ゴーイング・ゼロ アンソニー・マクカーテン

ゴーイング・ゼロ (小学館文庫)

ゴーイング・ゼロ (小学館文庫)

  • アンソニー・マクカーテン
  • 小学館
Going Zero: An Addictive, Ingenious Conspiracy Thriller from the No. 1 Bestselling Author of The Darkest Hour (English Edition)

Going Zero

  • McCarten, Anthony
  • Macmillan

 

 CIAとIT企業の共同事業で、犯罪者追跡システムの実用化のための実証実験を行うことになり、一般の応募者から選ばれた10名の参加者が、政府機関の追跡をかわしながら逃走するというリアリティーショーのようなストーリーのサスペンス。

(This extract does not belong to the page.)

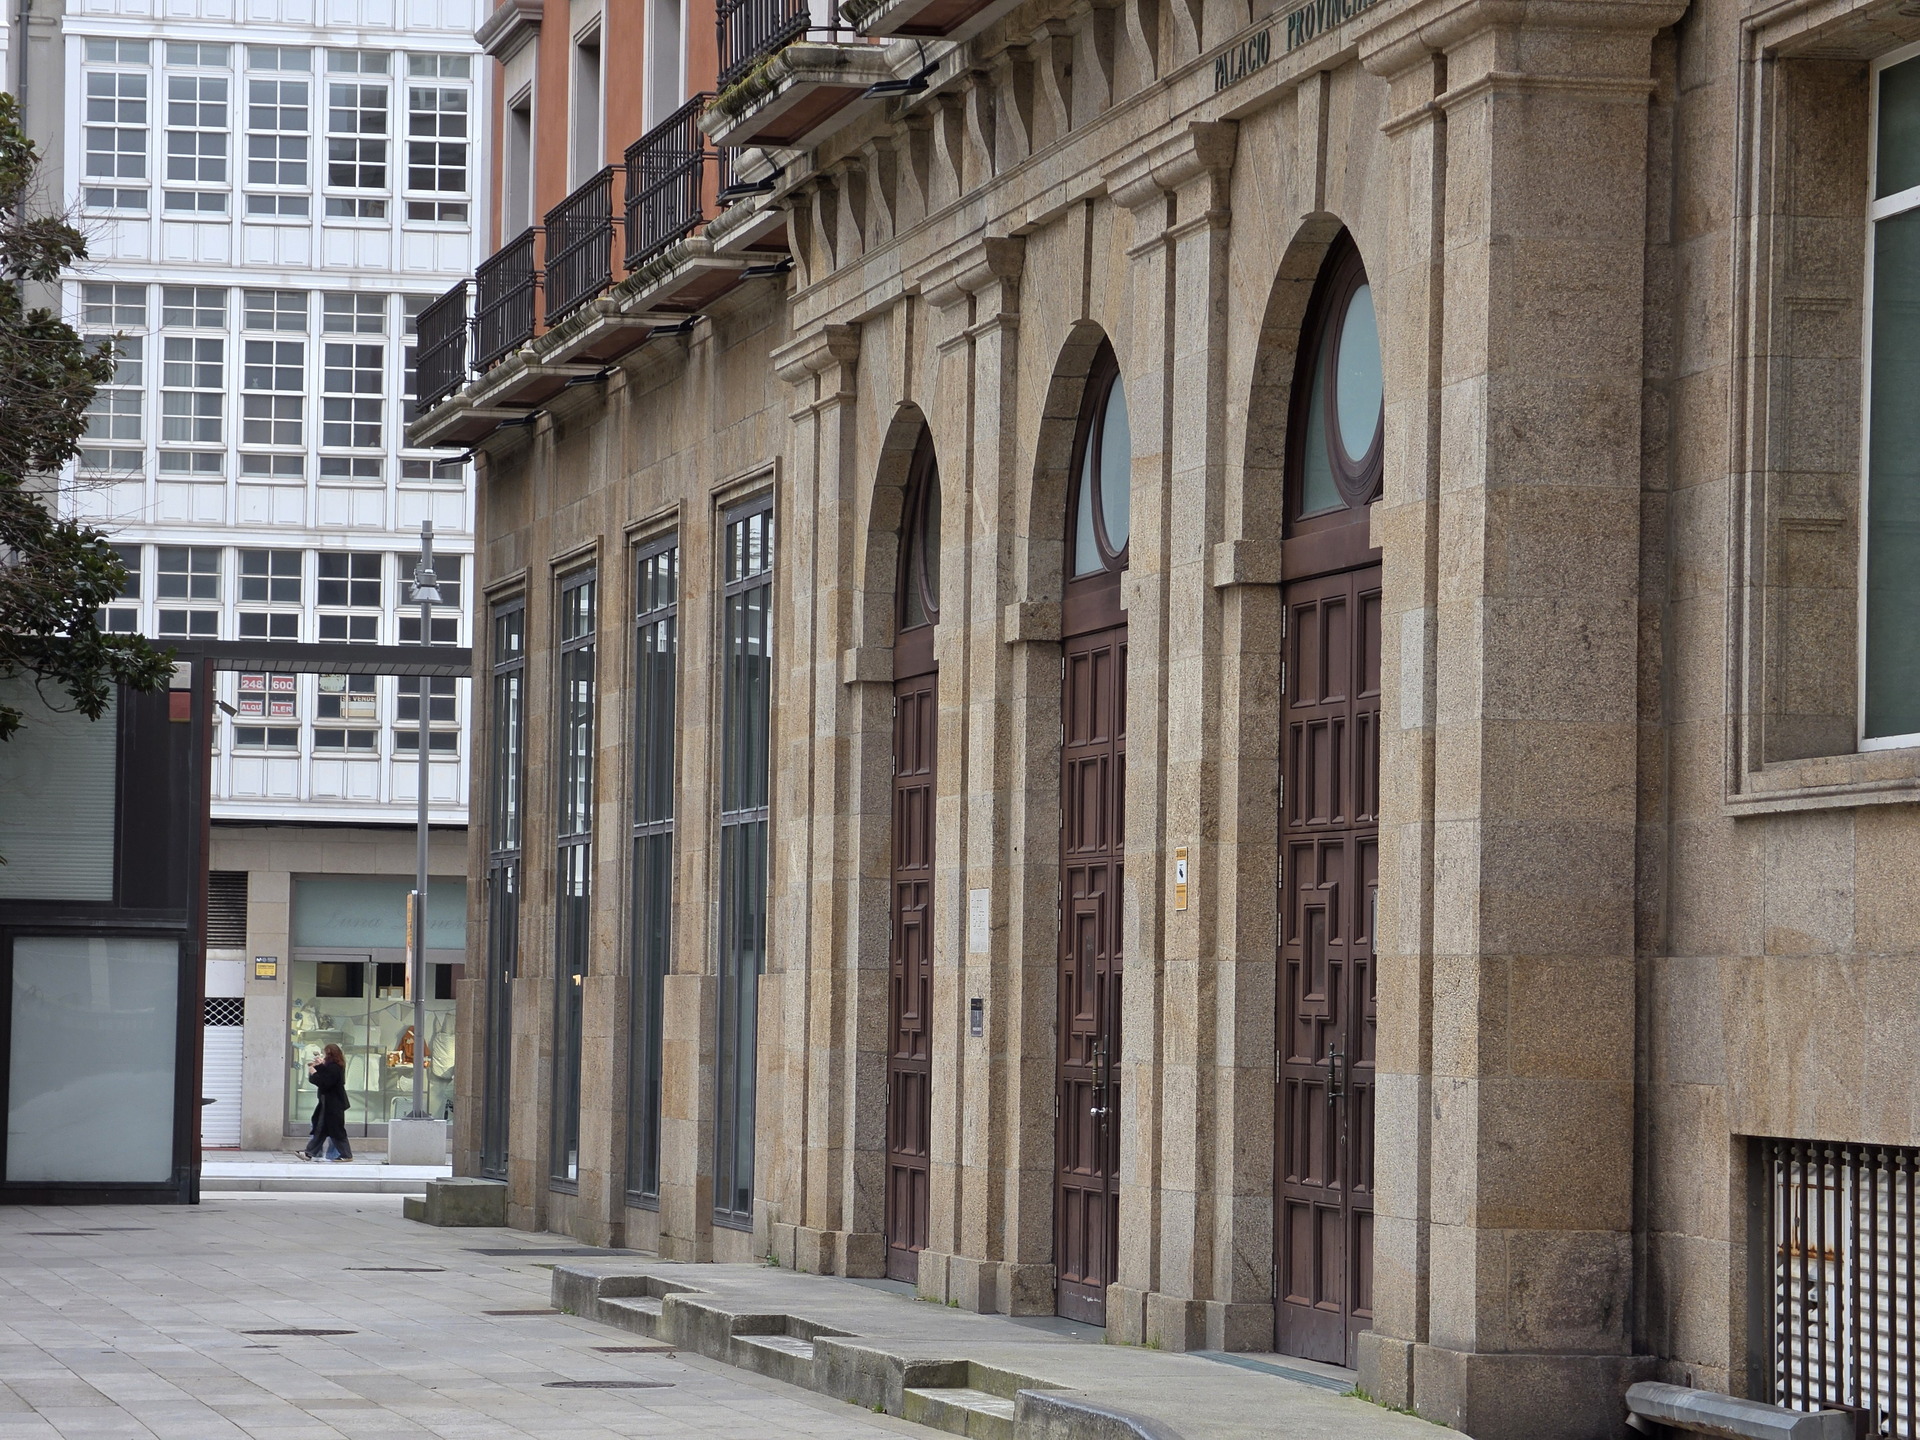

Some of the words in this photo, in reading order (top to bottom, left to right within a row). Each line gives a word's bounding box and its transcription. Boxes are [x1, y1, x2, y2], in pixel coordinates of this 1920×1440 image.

 実際、アメリカにこれと似た "Hunted" という番組があるそうで、原書のレビューで引き合いに出されていたので調べてみたら、9組の参加者が、番組が用意した精鋭の捜査チームから逃げ切って25万ドルの賞金を手にするために奮闘するという内容らしい。捜査チームは流石アメリカで、元CIAや、元連邦保安官、元陸軍レンジャー、元SWAT、元FBI等の凄いメンバーだそう。アメリカのTV番組はスケールが違うわね。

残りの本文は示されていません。